▶ [Work instruction]
Apart from the pictures, every line below needs to be reproduced verbatim.
(Data shown Opens)
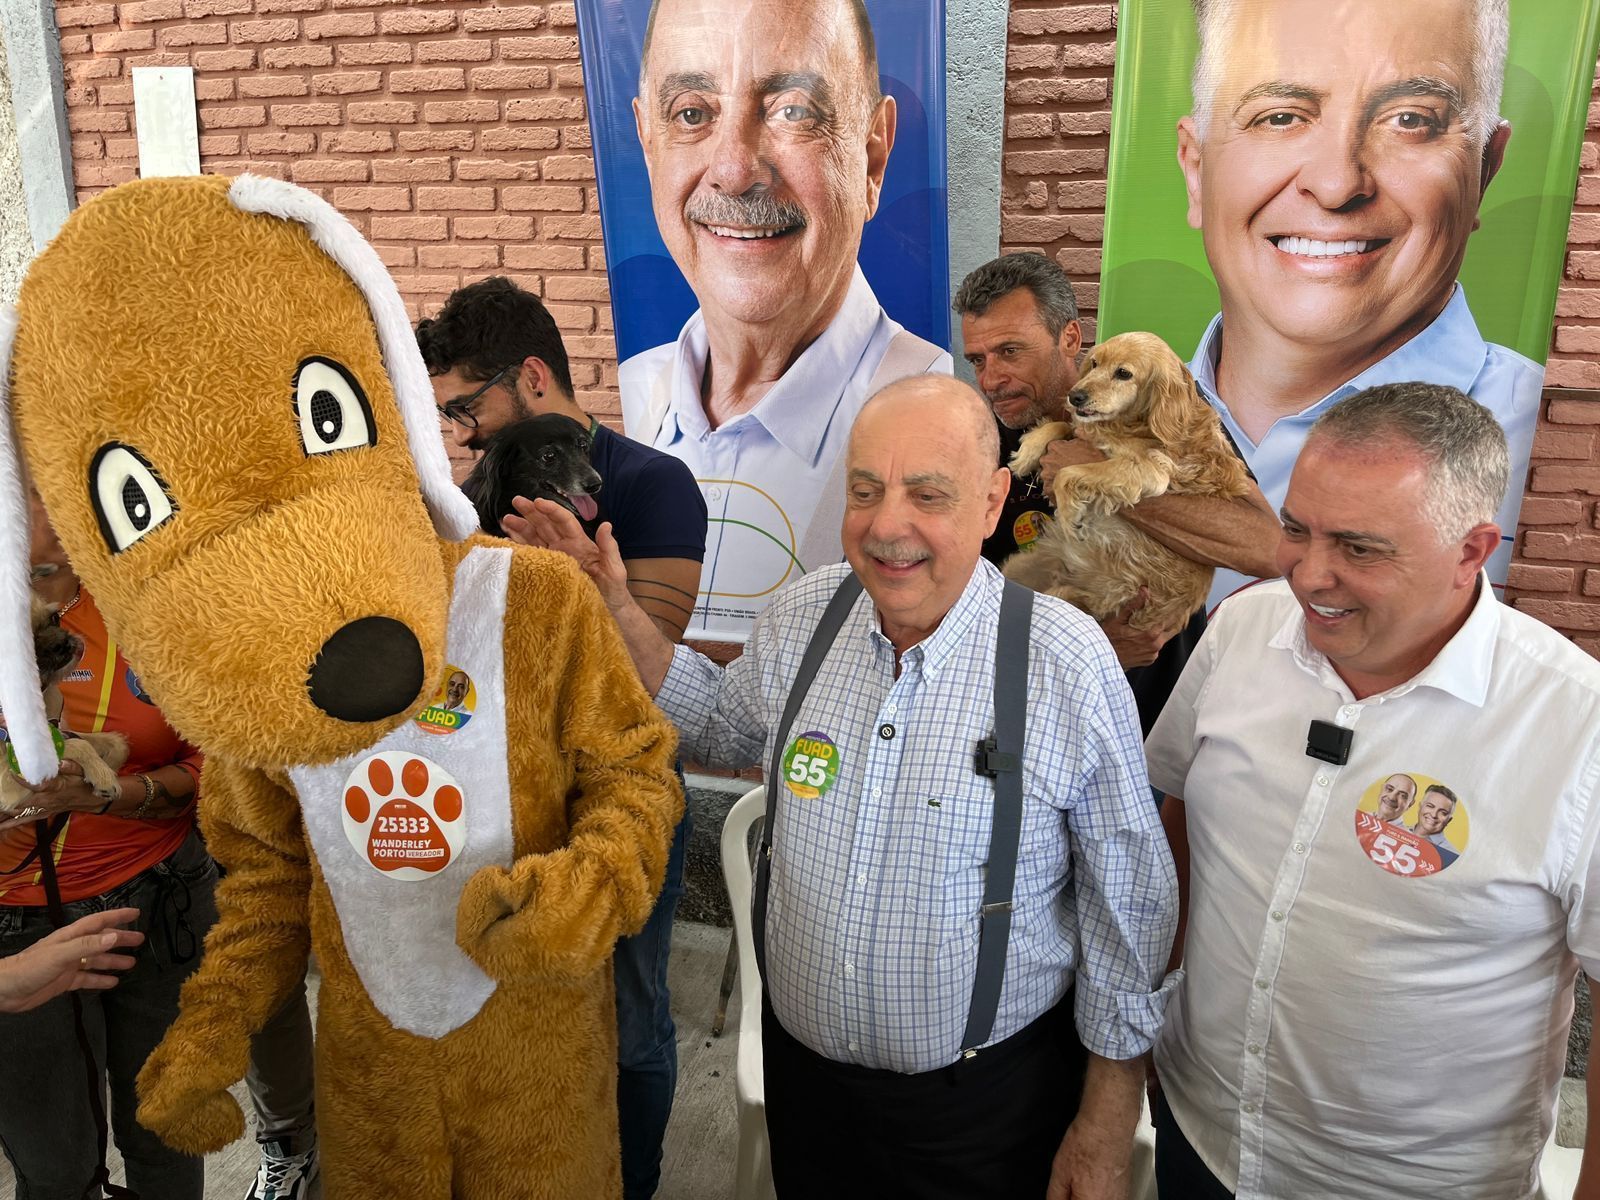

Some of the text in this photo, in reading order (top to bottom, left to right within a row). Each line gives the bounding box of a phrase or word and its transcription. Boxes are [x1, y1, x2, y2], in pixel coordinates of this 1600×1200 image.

[1015, 523, 1032, 538] 55
[419, 708, 456, 726] FUAD
[796, 738, 833, 760] FUAD
[789, 753, 829, 787] 55
[378, 816, 430, 834] 25333
[372, 838, 432, 849] WANDERLEY
[373, 848, 442, 858] PORTO VEREADOR
[1369, 833, 1421, 875] 55
(Data shown Closes)
▶ [Finished exercise]
Some of the text in this photo, in reading order (top to bottom, left to right within a row). Each line gives the bounding box of a phrase or word and its transcription. Boxes are [x1, y1, x2, y2], in pixel coordinates of this 1600×1200 image.

[1015, 523, 1032, 538] 55
[419, 708, 456, 726] FUAD
[796, 738, 833, 760] FUAD
[789, 753, 829, 787] 55
[378, 816, 430, 834] 25333
[372, 838, 432, 849] WANDERLEY
[373, 848, 442, 858] PORTO VEREADOR
[1369, 833, 1421, 875] 55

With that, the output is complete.